Why smoking is closely associated with oral health? obviously it can easily be answered, because cigarettes smoked by mouth. By easy we can see a smoker's lips look darker than the lip of a non-smoker, why?
In general, we know that there are cigarettes in Indonesia there are two types, cigarettes with filter and without filter (better known as clove cigarettes). Cigarettes without filters tend to quickly change the color of teeth on a cigarette with a filter.
Now let us follow the trail of cigarette smoke why so many organs "of the body injured. When we inhale cigarette smoke from a cigarette into the oral cavity, a few seconds with millions of cigarette smoke substances" are chemicals in the oral cavity and affects the tissues and organs that are in the oral cavity including the teeth themselves. Hot smoke that blow continuously into the oral cavity is a heat stimuli cause changes in blood flow and reduce expenses saliva. As a result of the oral cavity becomes dry and more an-aerobic (oxygen-free atmosphere) so as to provide a suitable environment for the growth of an-aerobic bacteria in plaque. By itself smokers at greater risk of disease-causing bacteria infected tissues supporting the teeth than those of smokers.
Gums smokers also tend to have thickened stratum corneum. This thickened area which looks more rugged than the surrounding tissue and reduced its malleability.Narrowing of blood vessels caused by nicotine resulted in reduced blood flow in the gums thus increasing the likelihood of the onset of gum disease.
Tar in cigarette smoke also increases the chances of gingivitis, gum disease is most often caused by bacterial plaque and other factors which may cause the accumulation of plaque around the gums. Tar can be deposited on the surface of the tooth and the tooth root so that the surface becomes rough and facilitate the attachment plaque.From the difference research has been carried out plaque and tartar formation of many more in the oral cavity of smokers compared to nonsmokers. Disease is severe tooth supporting tissues, bone destruction and tooth loss tooth advocate more common in smokers than nonsmokers. In the treatment of dental tissue disease patients pendukund smokers require greater care and more. Whereas in patients with non-smokers in the same situation and simply just do standard maintenance such as cleaning of plaque and tartar.

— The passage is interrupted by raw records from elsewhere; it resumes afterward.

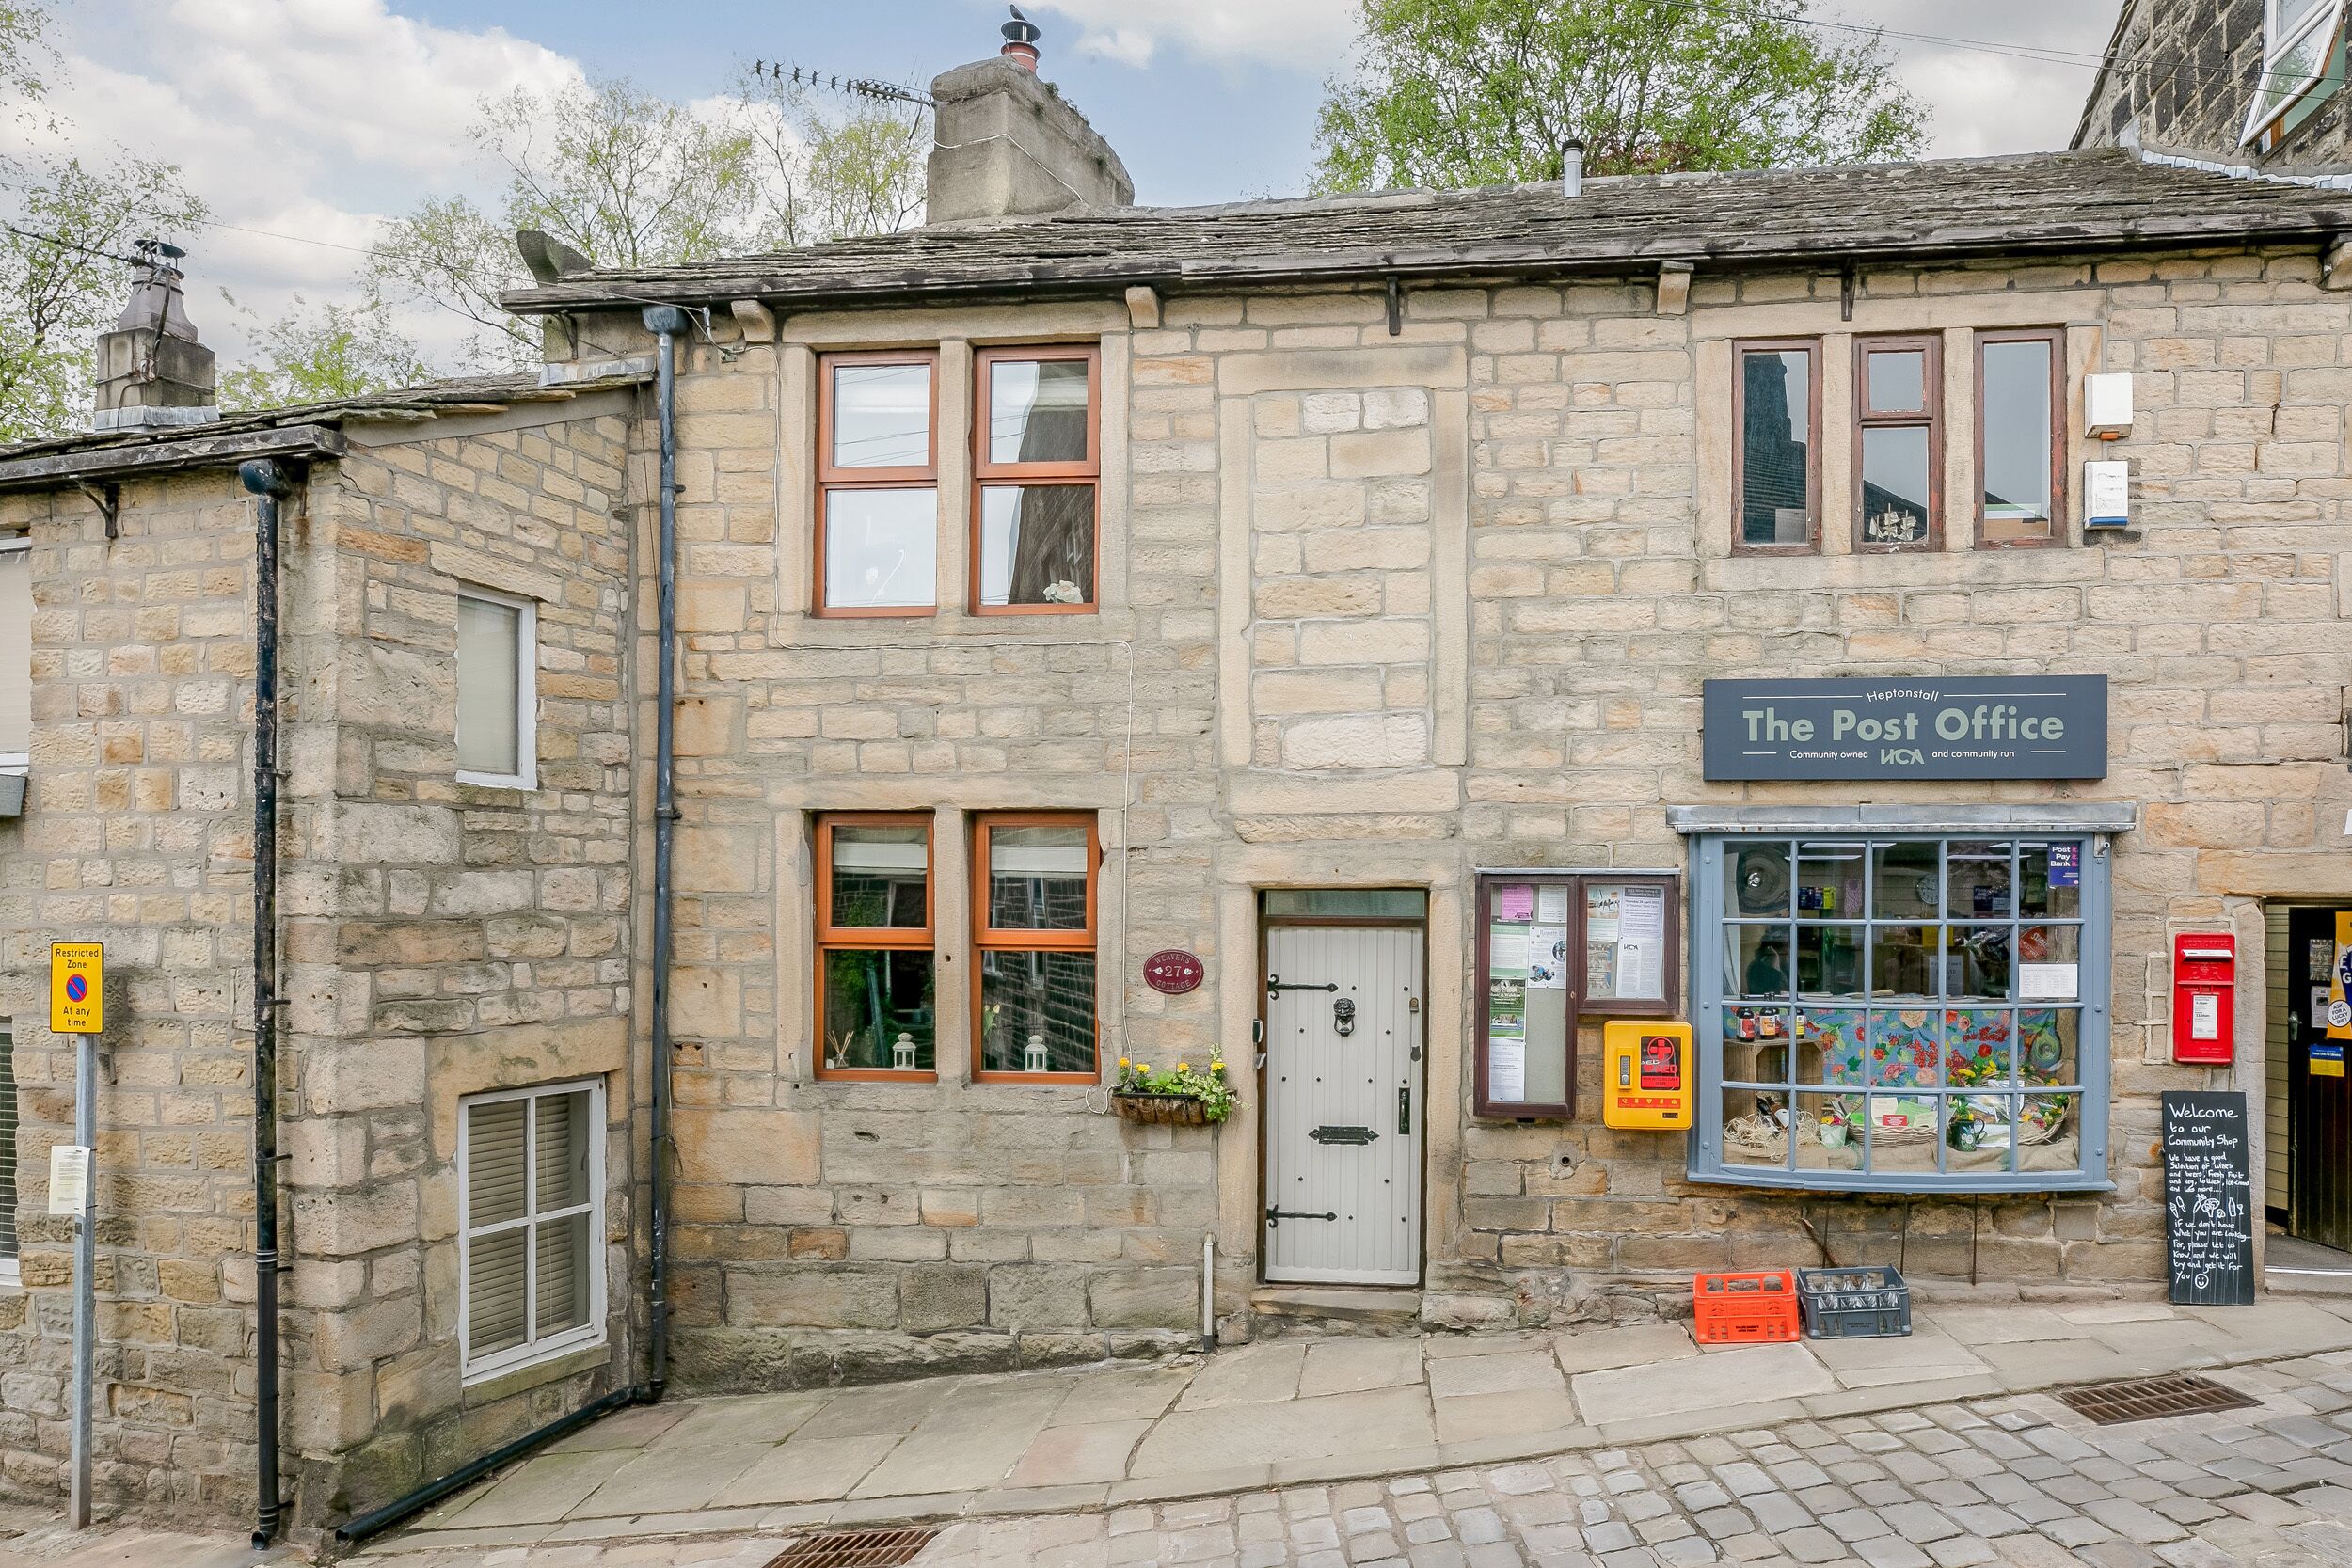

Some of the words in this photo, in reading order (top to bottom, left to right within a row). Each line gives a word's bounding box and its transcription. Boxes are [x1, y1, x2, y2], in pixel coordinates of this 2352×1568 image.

[1867, 689, 1939, 703] Heptonstall
[1742, 707, 1814, 741] The
[1833, 709, 1919, 741] Post
[1935, 705, 2064, 741] Office
[1789, 750, 1837, 760] Community
[1840, 750, 1868, 759] owned
[1931, 750, 1948, 758] and
[1951, 750, 1997, 760] community
[56, 948, 99, 958] Restricted
[67, 959, 87, 969] Zone
[1155, 954, 1190, 964] WEAVERS
[1165, 965, 1182, 977] 27
[1156, 979, 1192, 990] COTTAGE
[63, 1006, 73, 1015] At
[75, 1008, 90, 1017] any
[2331, 1011, 2348, 1021] LUCKY
[67, 1017, 87, 1026] time
[2169, 1102, 2238, 1118] Welcome
[2169, 1121, 2185, 1132] to
[2191, 1125, 2211, 1133] our
[2168, 1134, 2215, 1149] Community
[2217, 1133, 2238, 1148] Shop
[2169, 1153, 2180, 1162] We
[2184, 1153, 2201, 1162] have
[2210, 1151, 2227, 1165] good
[2217, 1220, 2235, 1228] have
[2194, 1230, 2207, 1241] you
[2187, 1242, 2208, 1252] please
[2222, 1252, 2237, 1260] will
[2172, 1259, 2185, 1270] try
[2203, 1261, 2217, 1274] get
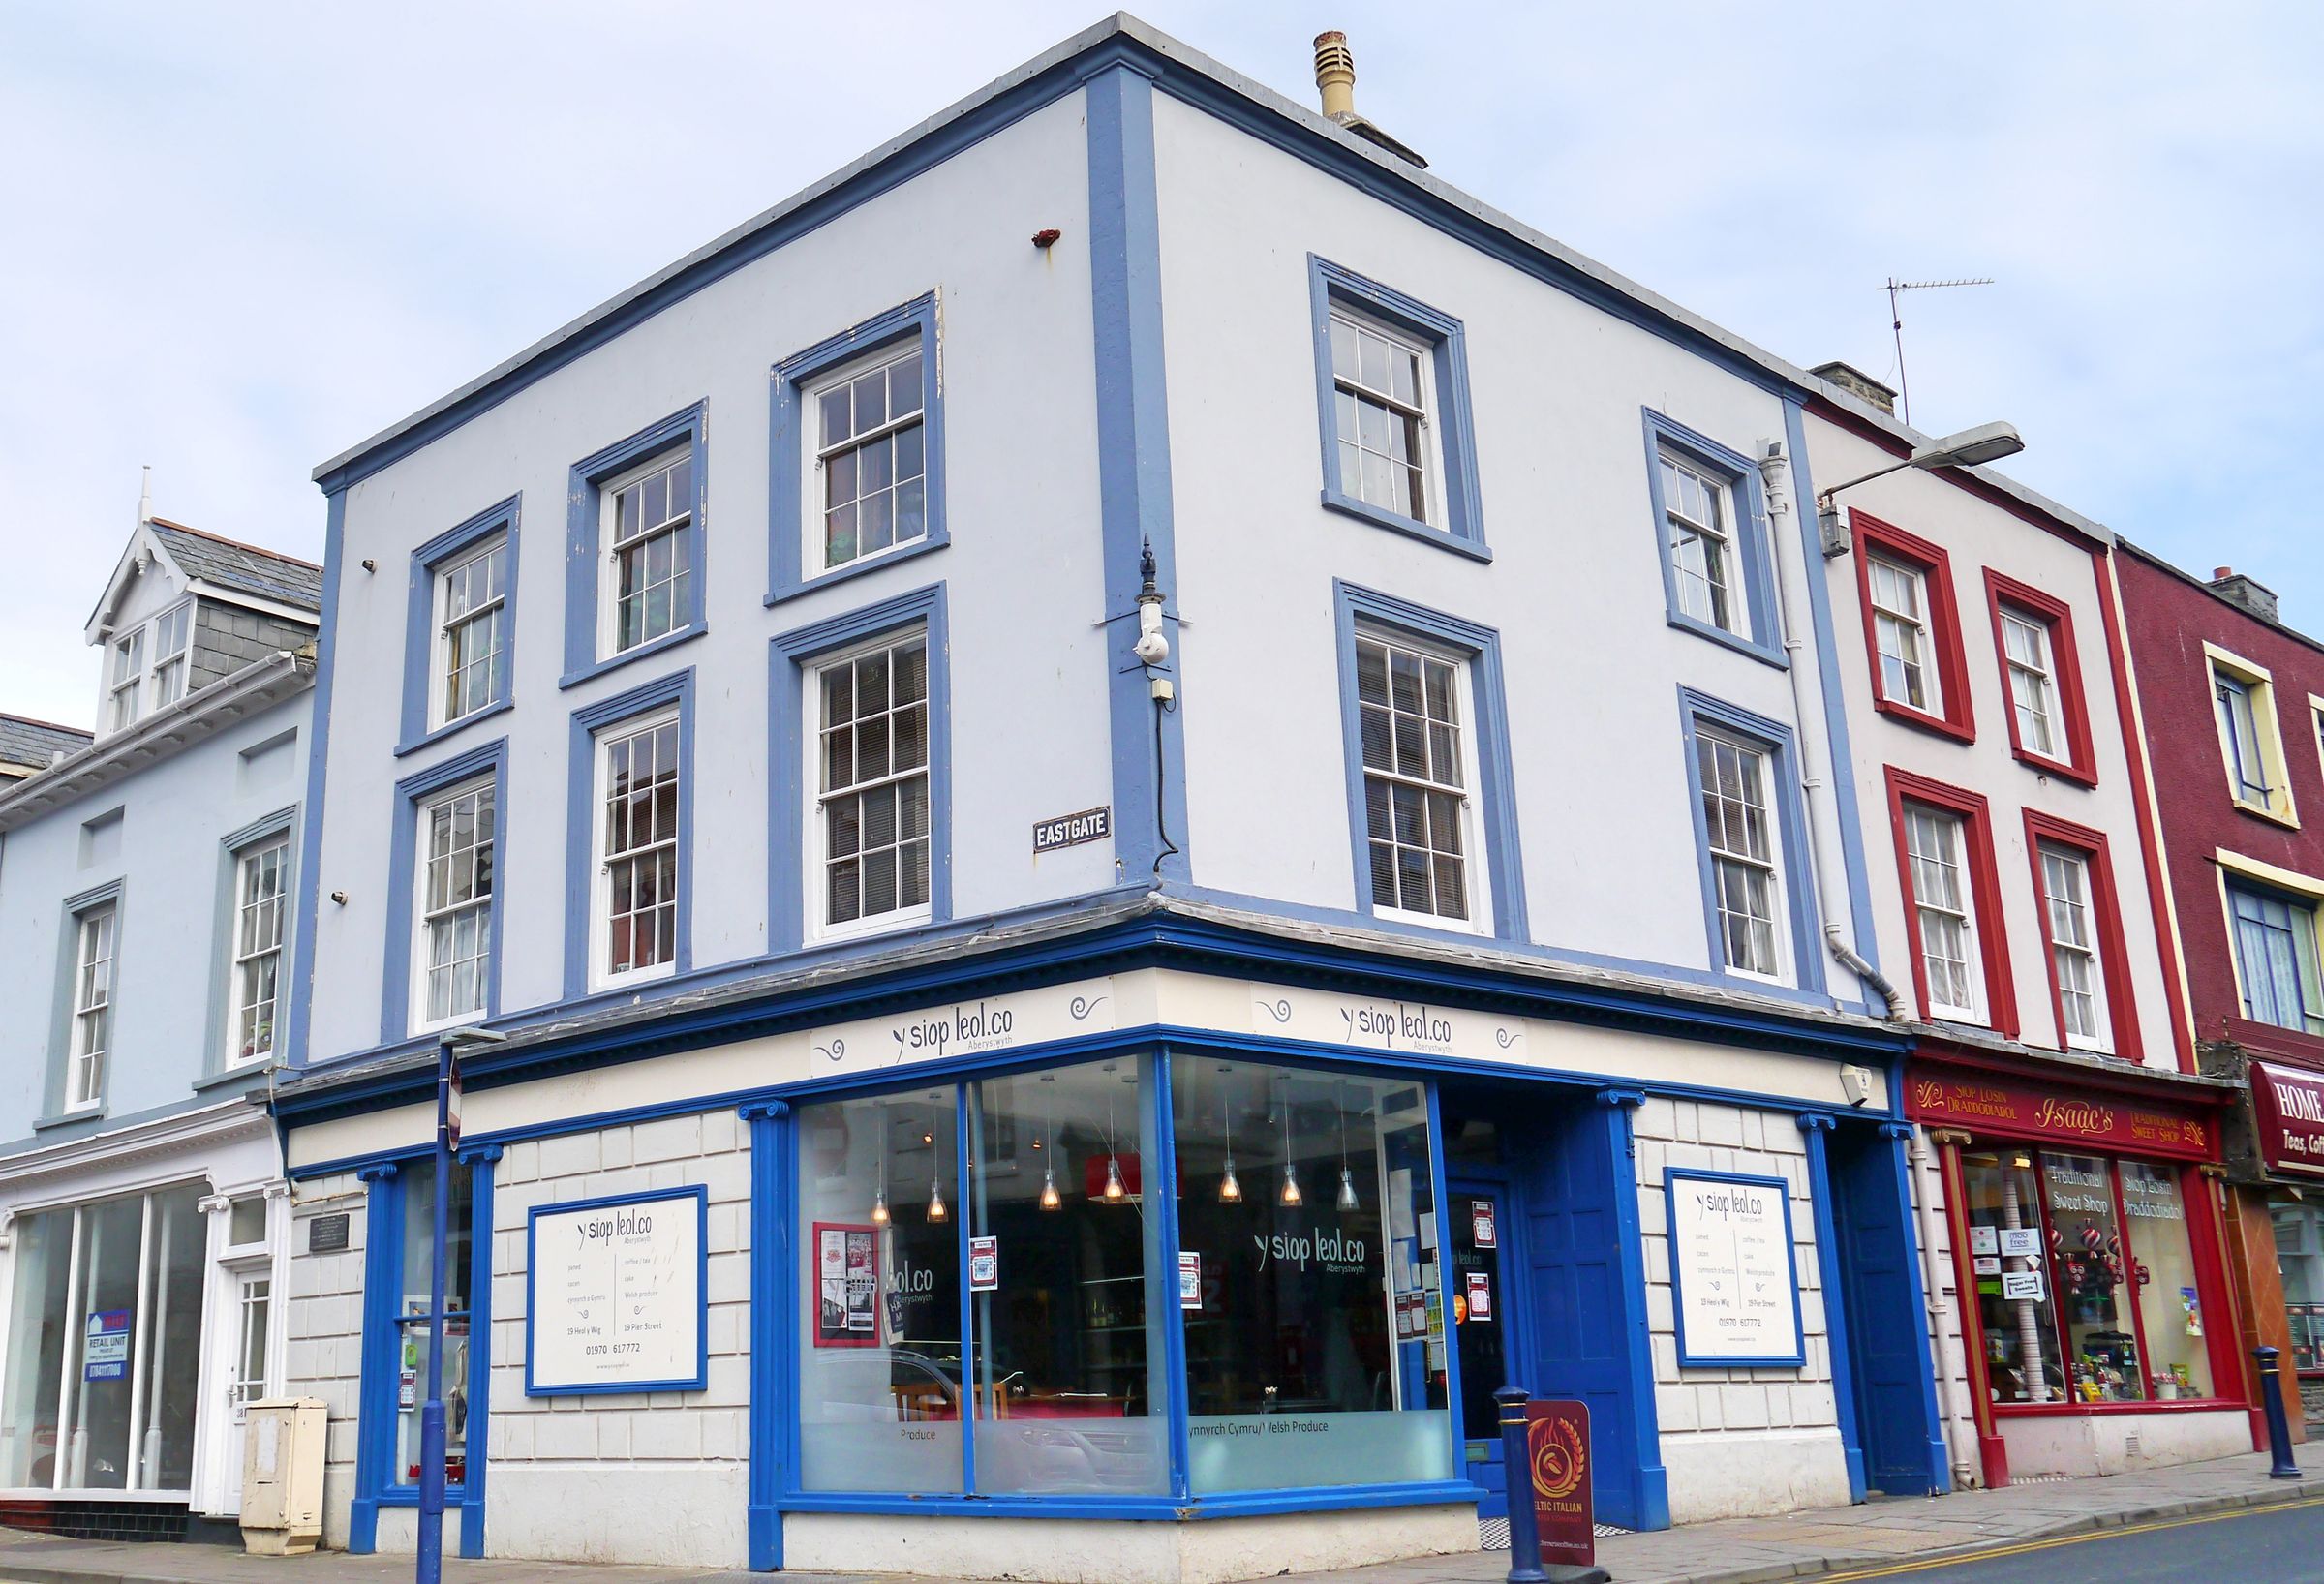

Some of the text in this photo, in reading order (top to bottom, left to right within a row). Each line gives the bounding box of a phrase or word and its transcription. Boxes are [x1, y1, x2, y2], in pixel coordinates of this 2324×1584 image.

[1037, 813, 1106, 846] EASTGATE
[910, 1019, 949, 1056] siop
[956, 1002, 1012, 1041] leol.co
[1359, 1006, 1395, 1048] siop
[1400, 1004, 1451, 1043] leol.co
[967, 1035, 1013, 1051] Aberystwyth
[1413, 1041, 1452, 1054] Aberystwyth
[1956, 1085, 1976, 1099] SIOP
[2034, 1098, 2113, 1134] Isaac's
[2131, 1126, 2180, 1143] SWEET SHOP
[2283, 1129, 2307, 1155] Teas,
[2052, 1165, 2103, 1189] Traditional
[2125, 1176, 2146, 1196] Siop
[1706, 1192, 1729, 1221] siop
[1730, 1188, 1762, 1214] leol.co
[2054, 1191, 2108, 1217] Sweet Shop
[588, 1217, 614, 1246] siop
[616, 1208, 652, 1236] leol.co
[1272, 1231, 1310, 1272] siop
[1315, 1227, 1365, 1263] leol.co
[896, 1260, 933, 1293] ol.co
[1326, 1264, 1365, 1274] Aberystwyth
[591, 1326, 601, 1335] Wig
[631, 1323, 643, 1331] Pier
[644, 1322, 662, 1330] Street
[1719, 1318, 1762, 1327] 01970 617772
[89, 1336, 126, 1348] RETAIL UNIT
[586, 1343, 640, 1355] 01970 617772
[1189, 1423, 1225, 1438] ynnyrch
[1292, 1420, 1329, 1432] Produce
[1553, 1501, 1582, 1513] ITALIAN

Severity of illness arising from moderate to advanced level directly related to the number of cigarettes smoked each day how long or how many years one becomes a smoker and smoking status itself, is still smoking up to now or have been stopped.
Nicotine plays a role in starting the occurrence of tooth supporting tissue disease because nicotine can be absorbed by the soft tissues of the oral cavity including the gums through the bloodstream and the attachment of gum to the tooth surface and roots. Nicotine can be found on the surface of the tooth root and its metabolites kontinin results can be found in the liquid gum.
Some care is strongly advocated in patients benrhenti smokers to smoke for a while, during the treatment process. As patients in the pemsangan implants.
It can be concluded that losses resulting from cigarette smoking on oral health:
1. Change the color of teeth, gums and lips.
2. Caries in the faster formed.
3. The possibility of cancer in the mouth very large.
4. Clear breath smelled of cigarettes.
5. Changing the network "in the oral cavity that cause various negative impacts on the health of the mouth itself as a trigger caries.